Sei miliardi di euro: è il “tesoretto” che si potrebbe mettere da parte in futuro per investirlo al bisogno in misure a supporto dei comparti nel mirino degli Stati Uniti. Ricavato da una rimodulazione dei fondi Pnrr finora non impiegati e che con ogni probabilità non si impiegheranno da qui al giugno del 2026, scadenza indicata dalla Commissione europea per spendere le risorse del Recovery. Il piano per ora solo abbozzato a matita e illustrato dal ministro delle Imprese Adolfo Urso insieme al ministro agli Affari Ue Tommaso Foti – al vertice erano presenti anche Matteo Salvini e il titolare del Mef Giancarlo Giorgetti, Francesco Lollobrigida e Alfredo Mantovano – passa da una revisione di alcuni progetti Pnrr che camminano da mesi su un binario (quasi) morto. È il caso dei fondi per la transizione 5.0, rimasti per buona parte non impegnati: su 6,3 miliardi di euro assegnati solo 700 milioni sono stati effettivamente spesi. Ecco, un’ipotesi – di cui si è discusso nella riunione della task force ieri guidata dalla premier – è spostare quelle risorse, previa via libera dell’Ue, sul capitolo dei fondi di coesione e dunque destinarle ai comparti più in difficoltà, quello agricolo in testa, sotto forma di incentivi. Stando alle stime più ottimiste, dalla rimodulazione dei progetti Pnrr si potrebbe ricavare una dotazione fino a 10 miliardi di euro da impegnare in misure a sostegno delle imprese qualora la guerra dei dazi dovesse aggravarsi. Parola d’ordine prudenza, però. L’idea di ritoccare il Recovery infatti non convince tutti. Se non altro per i tempi: per ogni euro spostato serve un semaforo verde della Commissione, ha fatto notare la stessa premier. Decisa a frenare l’ “effetto panico” così come qualunque ipotesi di “fondi a pioggia” del governo: vuole che la spesa sia rendicontata e possibilmente non ritoccare la struttura del piano di ripresa italiano. Poi c’è una questione squisitamente politica. Meloni è fiduciosa che esista un margine per trattare con Trump, che vedrà nello Studio Ovale la prossima settimana per il primo bilaterale ufficiale. Calma e gesso, dunque. «È stato ribadito che una “guerra commerciale” non avvantaggerebbe nessuno, né l’Unione Europea né gli Stati Uniti – recita la nota al termine del vertice – È emersa la necessità di affrontare il tema con determinazione e pragmatismo, perché ogni allarmismo rischia di causare danni ben maggiori di quelli strettamente connessi con i dazi».

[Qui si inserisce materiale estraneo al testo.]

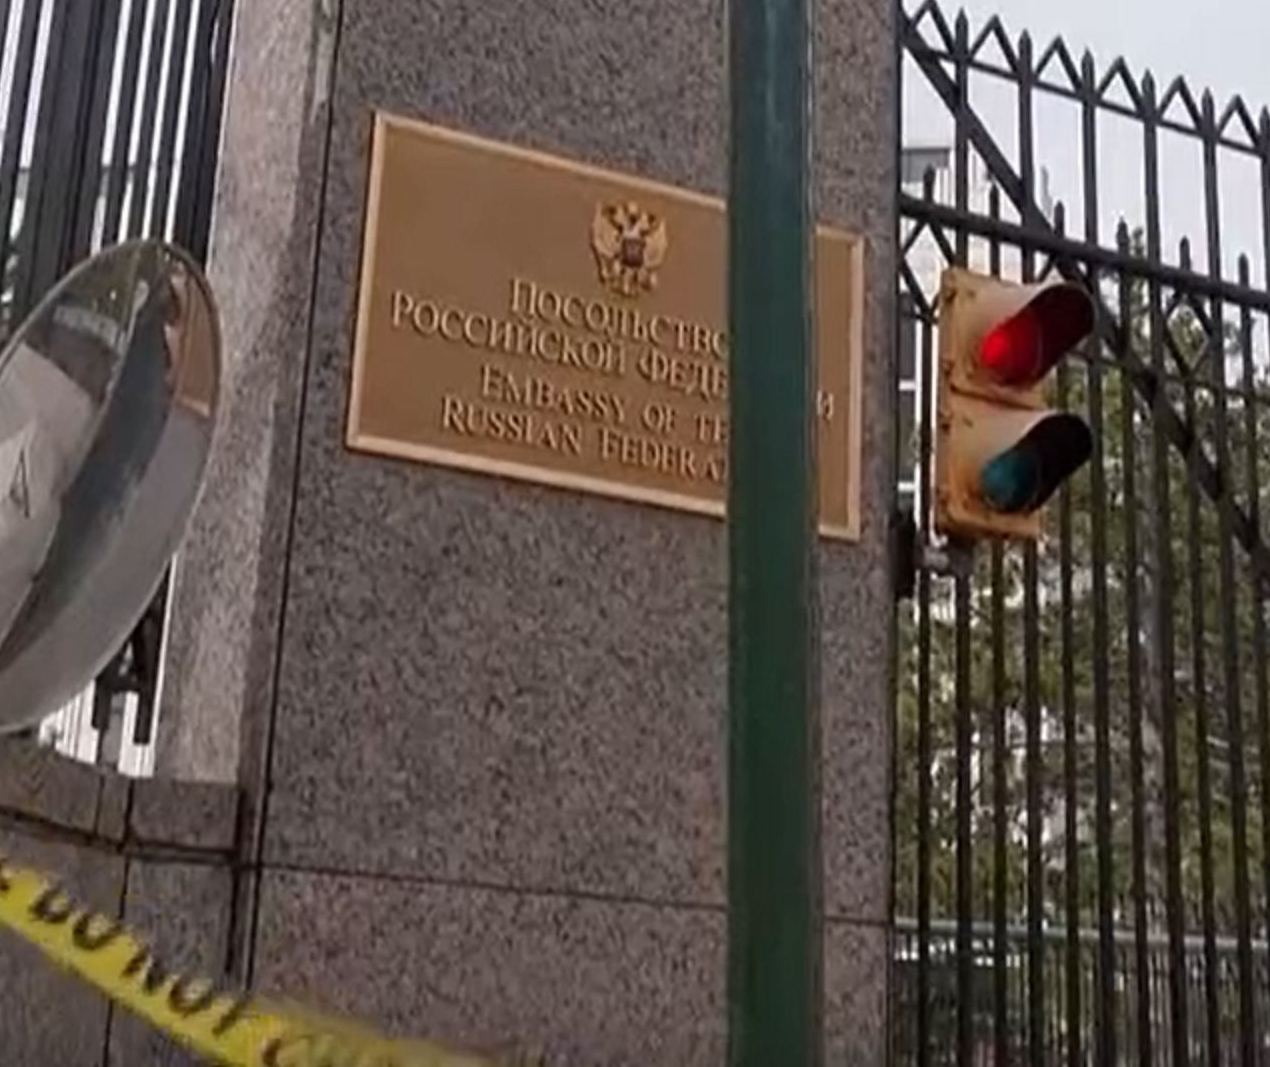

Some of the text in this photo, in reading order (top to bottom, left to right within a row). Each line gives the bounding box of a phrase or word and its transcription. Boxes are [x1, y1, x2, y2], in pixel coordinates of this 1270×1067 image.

Oggi la premier incontrerà a Palazzo Chigi una delegazione delle imprese. Sembra esclusa, ad ora, l’ipotesi inizialmente ventilata di un decreto ad hoc. Mentre la Farnesina studierà garanzie su misura di Sace e Simest per incentivare l’export delle aziende tricolori anche in mercati finora non centrali nella mappa commerciale italiana e ora indicati come snodi chiave dalla strategia italiana per l’export. Tajani, che nei prossimi giorni partirà alla volta dell’India e del Giappone, ha informato la premier e la task force del suo incontro con Sefcovic al Consiglio affari commerciali ieri, il secondo vis-a-vis in una settimana. Con qualche notizia incoraggiante.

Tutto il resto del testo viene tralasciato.